-- Material for this exercise --
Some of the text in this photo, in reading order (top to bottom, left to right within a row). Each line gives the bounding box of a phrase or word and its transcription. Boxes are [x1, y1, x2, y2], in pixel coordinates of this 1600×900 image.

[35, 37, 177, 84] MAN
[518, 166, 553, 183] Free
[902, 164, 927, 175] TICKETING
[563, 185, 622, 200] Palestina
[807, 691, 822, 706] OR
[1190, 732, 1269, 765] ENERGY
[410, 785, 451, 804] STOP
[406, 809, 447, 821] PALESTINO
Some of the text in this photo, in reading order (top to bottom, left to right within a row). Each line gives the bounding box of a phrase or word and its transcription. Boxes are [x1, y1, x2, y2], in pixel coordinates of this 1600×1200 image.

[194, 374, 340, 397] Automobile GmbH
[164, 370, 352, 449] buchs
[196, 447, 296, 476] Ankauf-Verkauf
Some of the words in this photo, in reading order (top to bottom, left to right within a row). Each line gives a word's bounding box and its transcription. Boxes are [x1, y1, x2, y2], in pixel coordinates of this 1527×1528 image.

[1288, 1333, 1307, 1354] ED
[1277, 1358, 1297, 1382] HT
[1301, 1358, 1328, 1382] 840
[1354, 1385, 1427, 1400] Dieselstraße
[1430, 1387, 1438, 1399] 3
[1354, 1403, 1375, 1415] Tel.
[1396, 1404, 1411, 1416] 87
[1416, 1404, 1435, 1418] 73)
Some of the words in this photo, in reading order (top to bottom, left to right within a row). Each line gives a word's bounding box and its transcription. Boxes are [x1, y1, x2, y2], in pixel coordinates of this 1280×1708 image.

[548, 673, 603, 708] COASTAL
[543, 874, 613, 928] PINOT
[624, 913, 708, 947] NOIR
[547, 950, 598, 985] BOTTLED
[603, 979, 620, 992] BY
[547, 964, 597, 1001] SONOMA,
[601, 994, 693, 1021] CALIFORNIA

-- Work to complete --
All of the material is to be written out exactly.

-- Expected answer --
Some of the text in this photo, in reading order (top to bottom, left to right within a row). Each line gives the bounding box of a phrase or word and its transcription. Boxes are [x1, y1, x2, y2], in pixel coordinates of this 1600×900 image.

[35, 37, 177, 84] MAN
[518, 166, 553, 183] Free
[902, 164, 927, 175] TICKETING
[563, 185, 622, 200] Palestina
[807, 691, 822, 706] OR
[1190, 732, 1269, 765] ENERGY
[410, 785, 451, 804] STOP
[406, 809, 447, 821] PALESTINO
Some of the text in this photo, in reading order (top to bottom, left to right within a row). Each line gives the bounding box of a phrase or word and its transcription. Boxes are [x1, y1, x2, y2], in pixel coordinates of this 1600×1200 image.

[194, 374, 340, 397] Automobile GmbH
[164, 370, 352, 449] buchs
[196, 447, 296, 476] Ankauf-Verkauf
Some of the words in this photo, in reading order (top to bottom, left to right within a row). Each line gives a word's bounding box and its transcription. Boxes are [x1, y1, x2, y2], in pixel coordinates of this 1527×1528 image.

[1288, 1333, 1307, 1354] ED
[1277, 1358, 1297, 1382] HT
[1301, 1358, 1328, 1382] 840
[1354, 1385, 1427, 1400] Dieselstraße
[1430, 1387, 1438, 1399] 3
[1354, 1403, 1375, 1415] Tel.
[1396, 1404, 1411, 1416] 87
[1416, 1404, 1435, 1418] 73)
Some of the words in this photo, in reading order (top to bottom, left to right within a row). Each line gives a word's bounding box and its transcription. Boxes are [x1, y1, x2, y2], in pixel coordinates of this 1280×1708 image.

[548, 673, 603, 708] COASTAL
[543, 874, 613, 928] PINOT
[624, 913, 708, 947] NOIR
[547, 950, 598, 985] BOTTLED
[603, 979, 620, 992] BY
[547, 964, 597, 1001] SONOMA,
[601, 994, 693, 1021] CALIFORNIA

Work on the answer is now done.